** GIVEN INFORMATION follows **

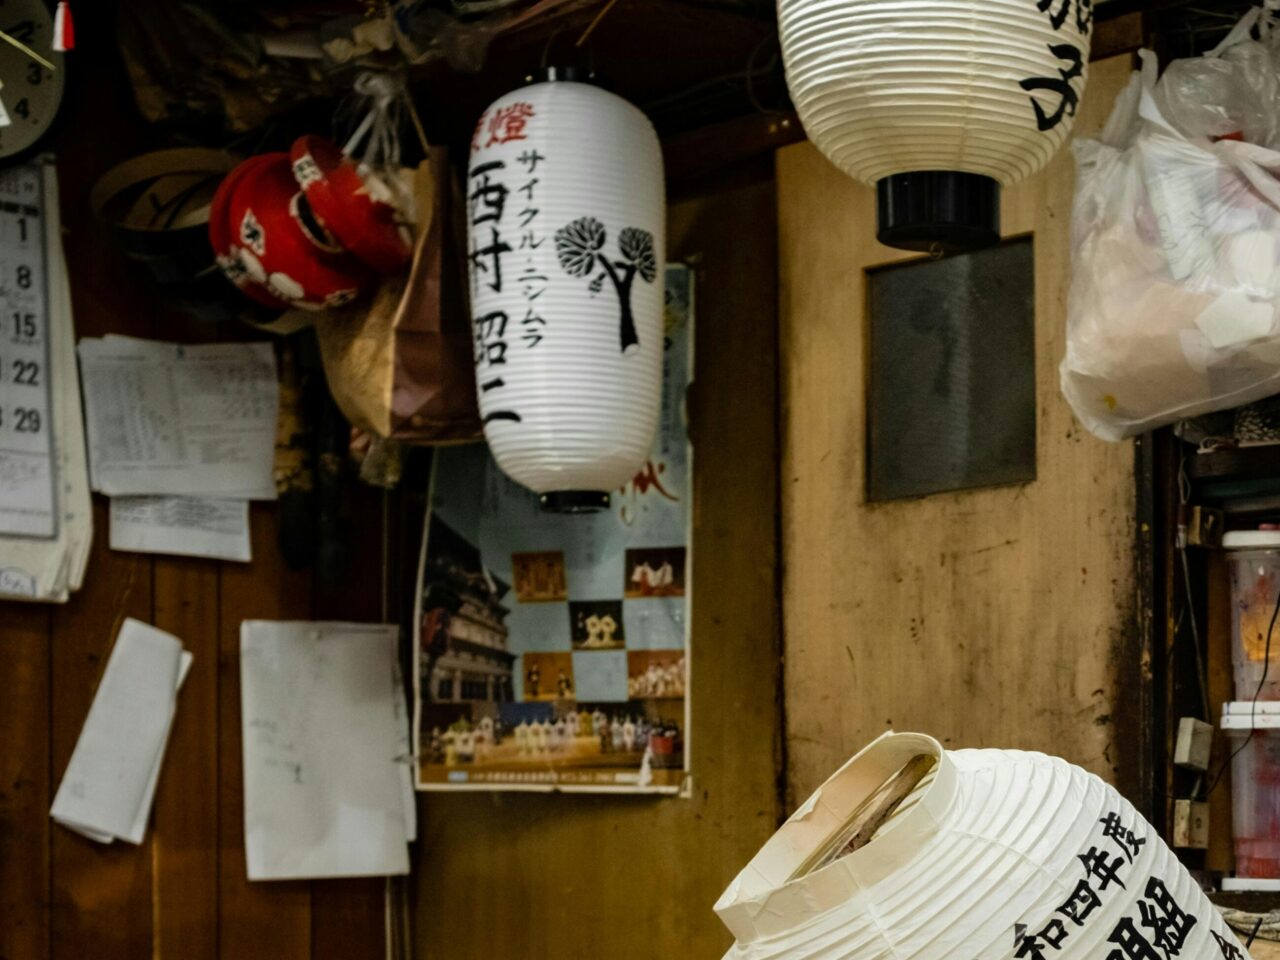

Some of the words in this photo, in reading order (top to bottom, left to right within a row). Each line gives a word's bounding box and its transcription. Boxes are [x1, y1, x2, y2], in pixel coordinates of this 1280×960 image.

[26, 62, 42, 85] 3
[14, 98, 30, 119] 4
[17, 218, 27, 241] 1
[16, 264, 32, 289] 8
[12, 312, 36, 337] 15
[13, 359, 40, 386] 22
[14, 407, 41, 433] 29
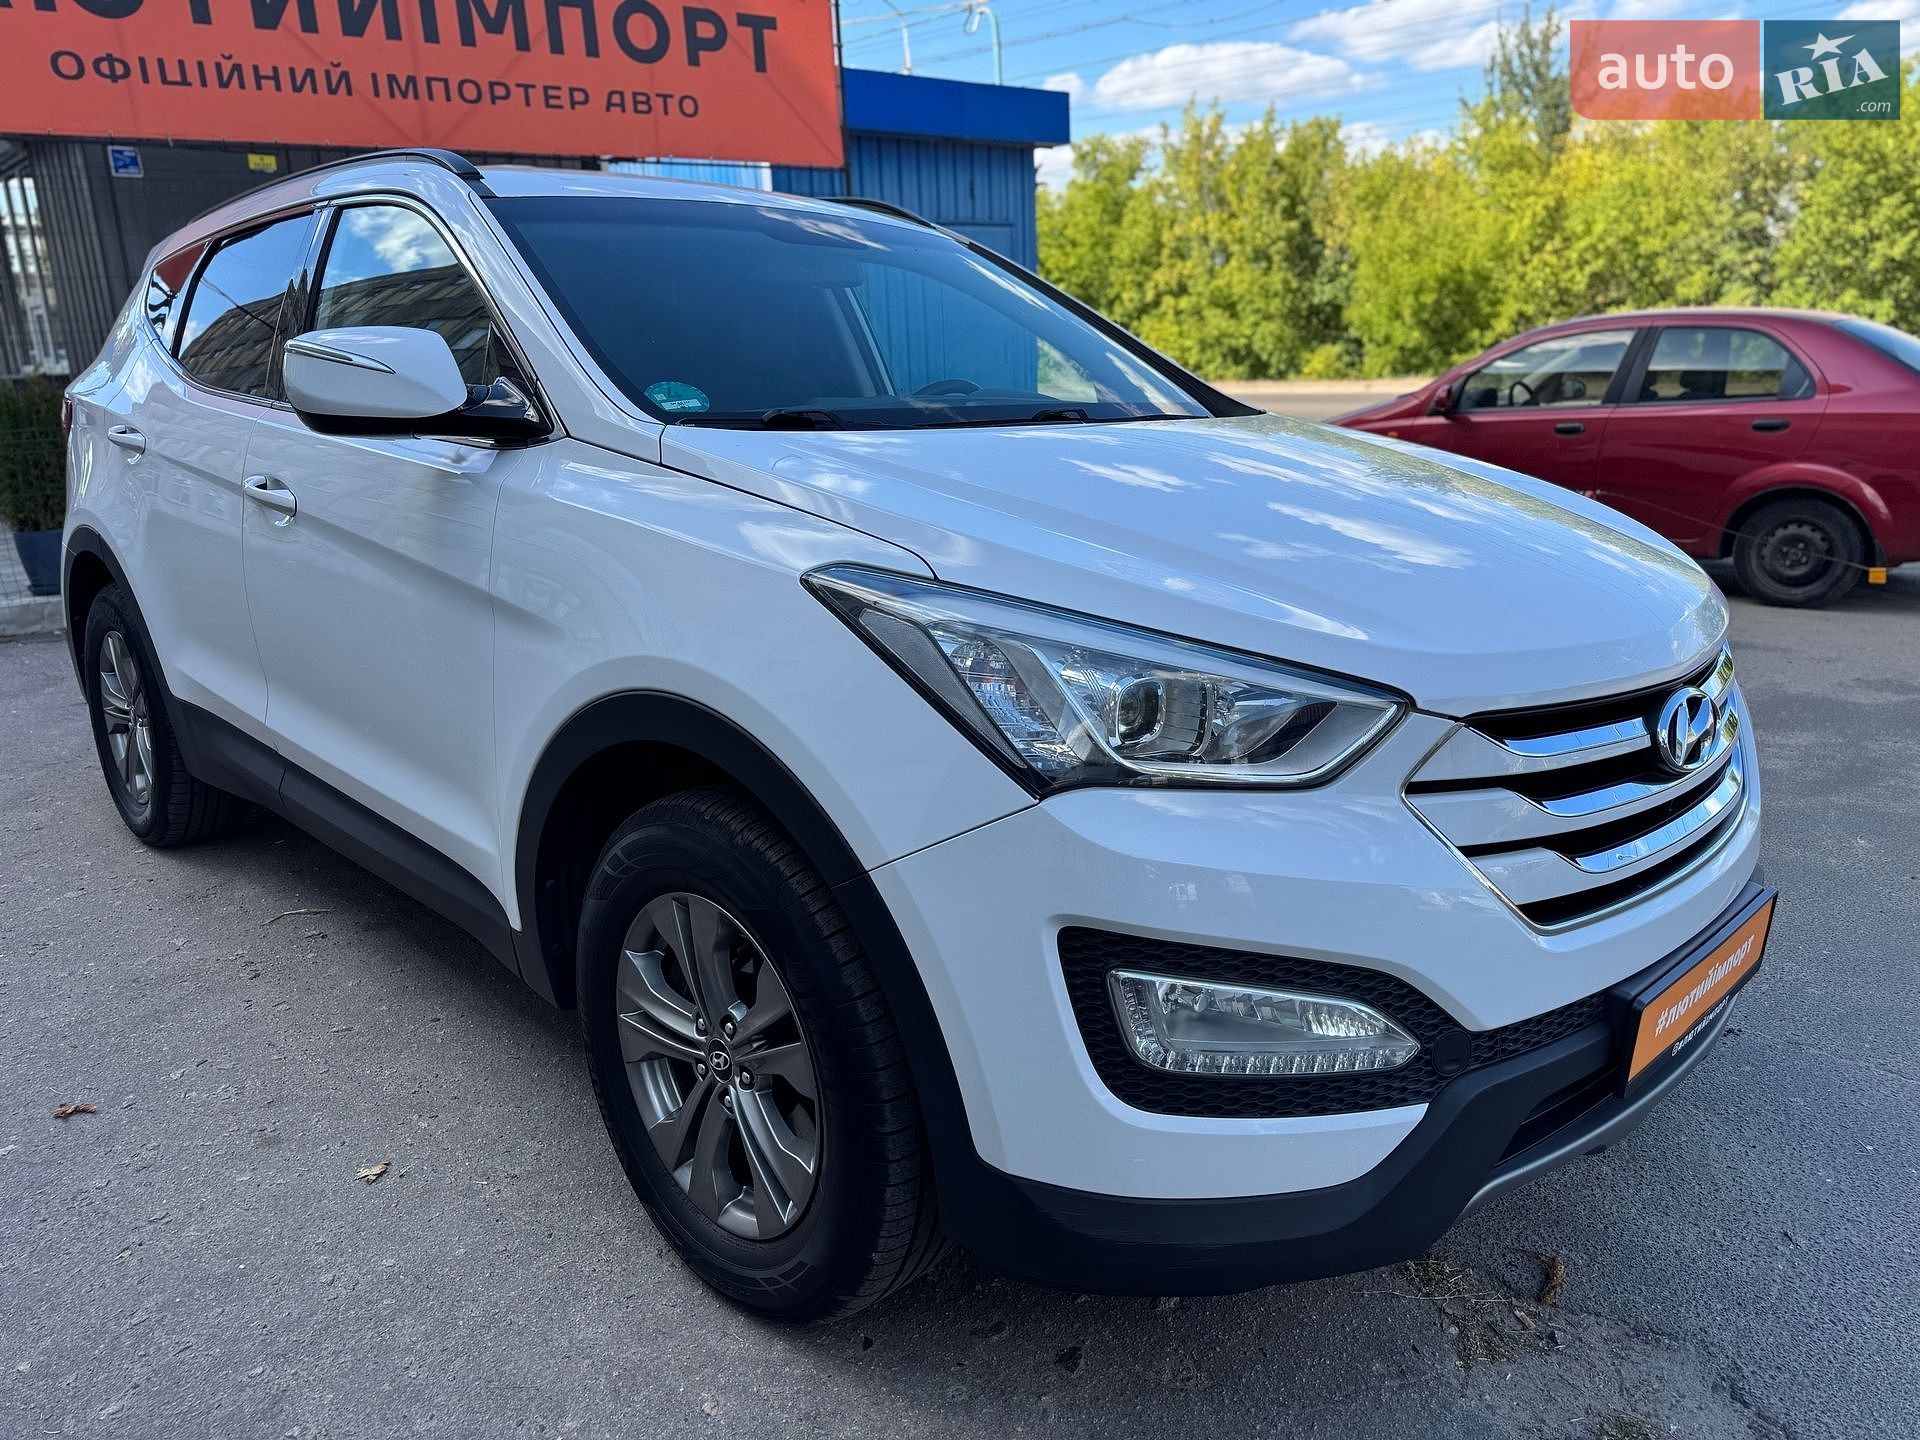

** End of GIVEN INFORMATION **

The whole listing must come back verbatim, with no pictures included.

> **WRITTEN REPLY**:
Some of the words in this photo, in reading order (top to bottom, left to right within a row). Each line gives a word's bounding box and its transcription. Boxes are [x1, y1, x2, y2], in pixel coordinates of this 1280×960 image.

[26, 62, 42, 85] 3
[14, 98, 30, 119] 4
[17, 218, 27, 241] 1
[16, 264, 32, 289] 8
[12, 312, 36, 337] 15
[13, 359, 40, 386] 22
[14, 407, 41, 433] 29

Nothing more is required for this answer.